Hugo mueve el pulgar contra el índice, gesto viejo, de alguien contando riesgos que no se compran. Piensa en su mesa con la sombra de la balanza, en el juramento de agua, en la frase del Oráculo mordiéndole la nuca. El forastero epuede ser puente, o cuchillo. No lo repite; lo mastica.

—Quiero un trazo vuestro que me amure a la ley —dice—. Un sello que no adore dioses ni obediencias viejas. Si me pides noche, me das límites. Puedo andar sin antorcha, no sin linderos.

—Caminarás con tres linderos —responde ella, sin consultar tablilla—: no tocarás niño ni pan ni agua. Todo lo demás podrás tocarlo si pesa mal. Y si alguna vez dudas, pararás. Prefiero un culpable suelto a una medida rota.

Hugo suelta el aire como quien acepta una tasa honesta. La mira con atención de escriba que quiere recordar cada sílaba.

—Me pide que haga fuerza sin telón. Está bien. No quiero carroza. No quiero sello en mi puerta. Dele el nombre a la sombra, no a mi cara. Pero cuando yo diga “conste”, que conste.
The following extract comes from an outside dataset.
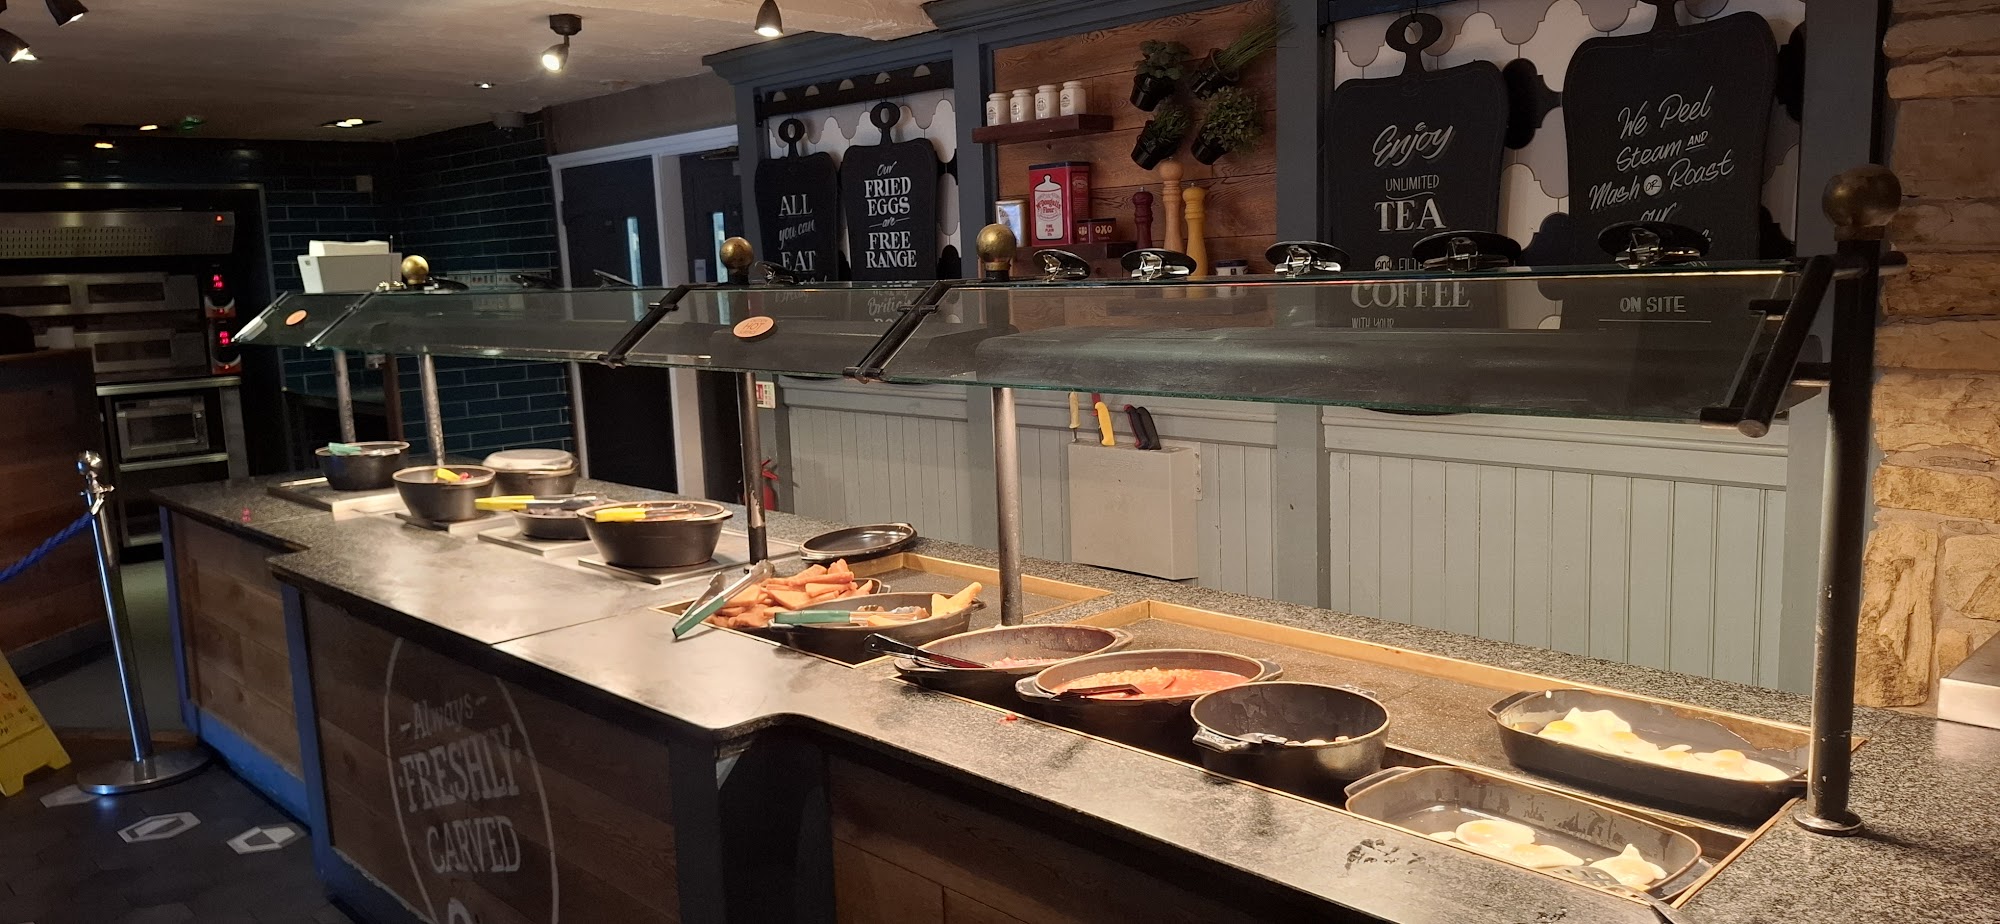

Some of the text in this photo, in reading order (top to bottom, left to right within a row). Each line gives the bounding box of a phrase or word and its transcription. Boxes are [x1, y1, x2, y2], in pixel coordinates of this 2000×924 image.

Con aquellas últimas expresiones Kharu/Hugo daba el marco verdadero de su obediencia: aceptaba ser herramienta invisible, renunciar a carroza, sello y gloria, pero no a la huella escrita de lo que hiciera en nombre de la reina. Para él, “conste” no era una palabra de trámite, era la tabla que impedía que lo empujaran al río cuando ya no resultara útil. Si iba a moverse en la noche, entre favores, confesiones arrancadas y rutas torcidas, necesitaba una línea mínima de salvamento: que cada vez que ese término saliera de su boca, alguien lo fijara en una tablilla, en un registro, en la memoria de Pamenes o de la propia Nephertary. No pedía aplauso ni monumento, pedía trazabilidad. Que el poder no pudiera usarlo para ensuciarse las manos y luego fingir que nunca le dio orden alguna. Con ese “que conste” reclamaba el derecho a no ser sólo cuchillo, sino también testigo de su propio filo; y ponía a la Phaeron ante un compromiso silencioso: si lo quería como puente en la oscuridad, debía aceptar que cada paso suyo dejara marca en la arena, por si algún día había que demostrar quién le pidió cruzar y hacia qué orilla.
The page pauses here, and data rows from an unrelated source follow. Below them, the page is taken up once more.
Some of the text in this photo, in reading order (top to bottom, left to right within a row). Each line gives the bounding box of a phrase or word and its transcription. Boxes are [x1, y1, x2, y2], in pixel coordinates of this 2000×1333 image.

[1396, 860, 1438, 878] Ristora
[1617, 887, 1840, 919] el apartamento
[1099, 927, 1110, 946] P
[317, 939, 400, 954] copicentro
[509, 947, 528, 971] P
Nephertary se acerca a la lámpara cubierta. Levanta un borde del paño y deja pasar una hebra de luz azul. Su rostro se vuelve agua firme.

—No te debo promesas dulces. Te debo verdad —dice—. Si fallas, caeré contigo. Si aciertas, dirán que el pueblo lo logró. Me gusta así.

Se permite entonces un silencio que no pesa. Mira a Kharu como se mira una piedra antes de ponerla sobre un puente. Con cálculo y con una pizca de fe que no confiesa.

—Habla —le pide—. Dime qué te asusta. Quiero escuchar tu miedo antes que tu valor.